Question

If $f\left( x \right) = \dfrac{{{9^x}}}{{{9^x} + 3}}$ then what will be the value of$f\left( {\dfrac{1}{{1996}}} \right) + f\left( {\dfrac{2}{{1996}}} \right) + \cdots \cdots \cdots + f\left( {\dfrac{{1995}}{{1996}}} \right)$
A. $997$
B.$997.5$
C.$998$
D.$998.5$

Answer 1

In this question, we need to find the value for$f\left( {x - 1} \right)$, and then we will be adding both $f\left( x \right)$ and $f\left( {x - 1} \right)$ together, and then we will be solving step by step by using simple mathematics formulae and tactics. At the end we will substitute the values of$f\left( x \right) + f\left( {x - 1} \right)$. After that we have to substitute this value in the question asked.

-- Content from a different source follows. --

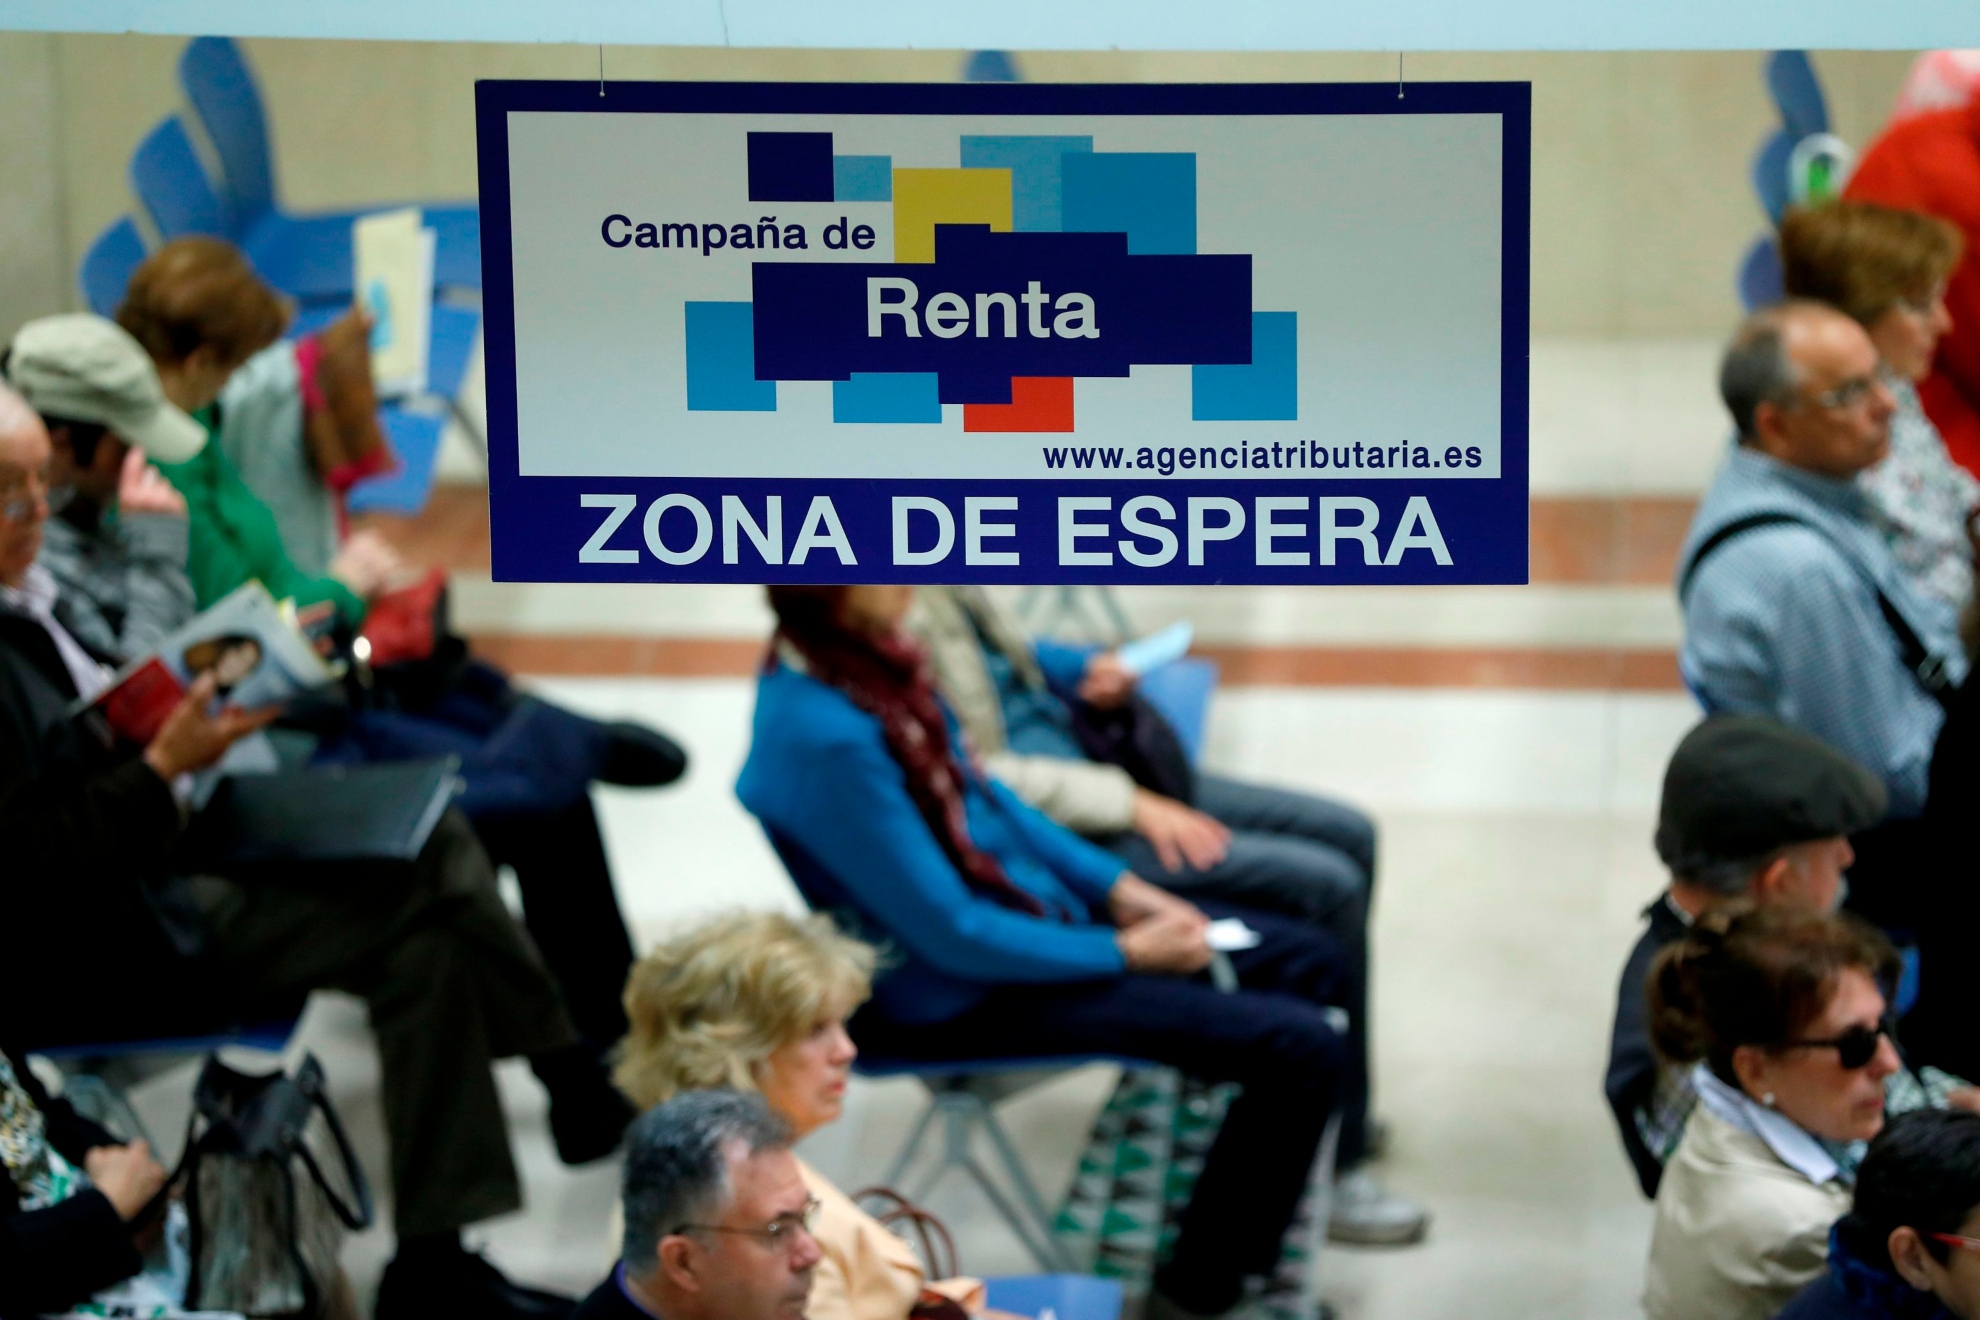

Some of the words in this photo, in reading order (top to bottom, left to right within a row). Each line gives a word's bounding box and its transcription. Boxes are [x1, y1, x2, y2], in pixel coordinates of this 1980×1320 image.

Complete step by step solution:
As given in the question,
$f\left( x \right) = \dfrac{{{9^x}}}{{{9^x} + 3}}$
We will first find the value for $f\left( {x - 1} \right)$,
$f\left( {1 - x} \right) = \dfrac{{{9^{1 - x}}}}{{{9^{1 - x}} + 3}}$
Now separating the terms according to the property of indices
$f\left( {1 - x} \right) = \dfrac{{9 \times {9^{ - x}}}}{{9 \times {9^{ - x}} + 3}}$
Dividing the numerator and denominator by ${9^{ - x}}$ , we get,
$\,f\left( {1 - x} \right) = \dfrac{9}{{9 + 3 \times {9^x}}}$
Dividing the numerator and denominator by $3$, we get,
$f\left( {1 - x} \right) = \dfrac{3}{{3 + {9^x}}}$
Now, adding both the equations i.e. $f\left( x \right) + f\left( {1 - x} \right)$ , we get,
$f\left( x \right) + f\left( {1 - x} \right) = \dfrac{{{9^x}}}{{{9^x} + 3}} + \dfrac{3}{{3 + {9^x}}}$
As the denominator of both the term is same , addition of numerator will take place directly,
$f\left( x \right) + f\left( {1 - x} \right) = \dfrac{{{9^x} + 3}}{{3 + {9^x}}}$
Hence, we get,
$f\left( x \right) + f\left( {1 - x} \right) = 1$
Since, there are a total of $1996$ terms, numbers of pairs will be $998$.
Now putting $x = \left( {\dfrac{1}{{1996}}} \right),\left( {\dfrac{2}{{1996}}} \right) \cdots \cdots \cdots \left( {\dfrac{{998}}{{1996}}} \right)$ in the above equation, we get,

$$f\left( {\dfrac{1}{{1996}}} \right) + \left( {\dfrac{{1995}}{{1996}}} \right) = 1 \\\ f\left( {\dfrac{2}{{1996}}} \right) + f\left( {\dfrac{{1994}}{{1996}}} \right) = 1 \\\ \cdots \cdots \cdots \\\ \cdots \cdots \cdots \\\ f\left( {\dfrac{{998}}{{1996}}} \right) + f\left( {\dfrac{{998}}{{1996}}} \right) = 1 \\\$$

From the above equation, we can conclude that,
$f\left( {\dfrac{{998}}{{1996}}} \right) = \dfrac{1}{2}$
Adding all the above terms together, we get,
$f\left( {\dfrac{1}{{1996}}} \right) + f\left( {\dfrac{2}{{1996}}} \right) \cdots \cdots \cdots f\left( {\dfrac{{1995}}{{1996}}} \right) = \left( {1 + 1 + \cdots \cdots upto997} \right) + \dfrac{1}{2}$
After substituting the values, we get,
$f\left( {\dfrac{1}{{1996}}} \right) + f\left( {\dfrac{2}{{1996}}} \right) \cdots \cdots \cdots f\left( {\dfrac{{1995}}{{1996}}} \right) = 997 + \dfrac{1}{2}$
We know that,$\dfrac{1}{2} = 0.5$
$f\left( {\dfrac{1}{{1996}}} \right) + f\left( {\dfrac{2}{{1996}}} \right) \cdots \cdots \cdots f\left( {\dfrac{{1995}}{{1996}}} \right) = 997 + 0.5$
Therefore, we conclude that,
$f\left( {\dfrac{1}{{1996}}} \right) + f\left( {\dfrac{2}{{1996}}} \right) \cdots \cdots \cdots f\left( {\dfrac{{1995}}{{1996}}} \right) = 997.5$
Hence, option b is correct.

Note: Students should understand and solve the question very carefully. Students should know all the formulae and domains. Students should be able to apply the formula as per the problem. Students should use the sign convention properly while solving the problem. Students should not get confused between the number of terms and number of pairs formed.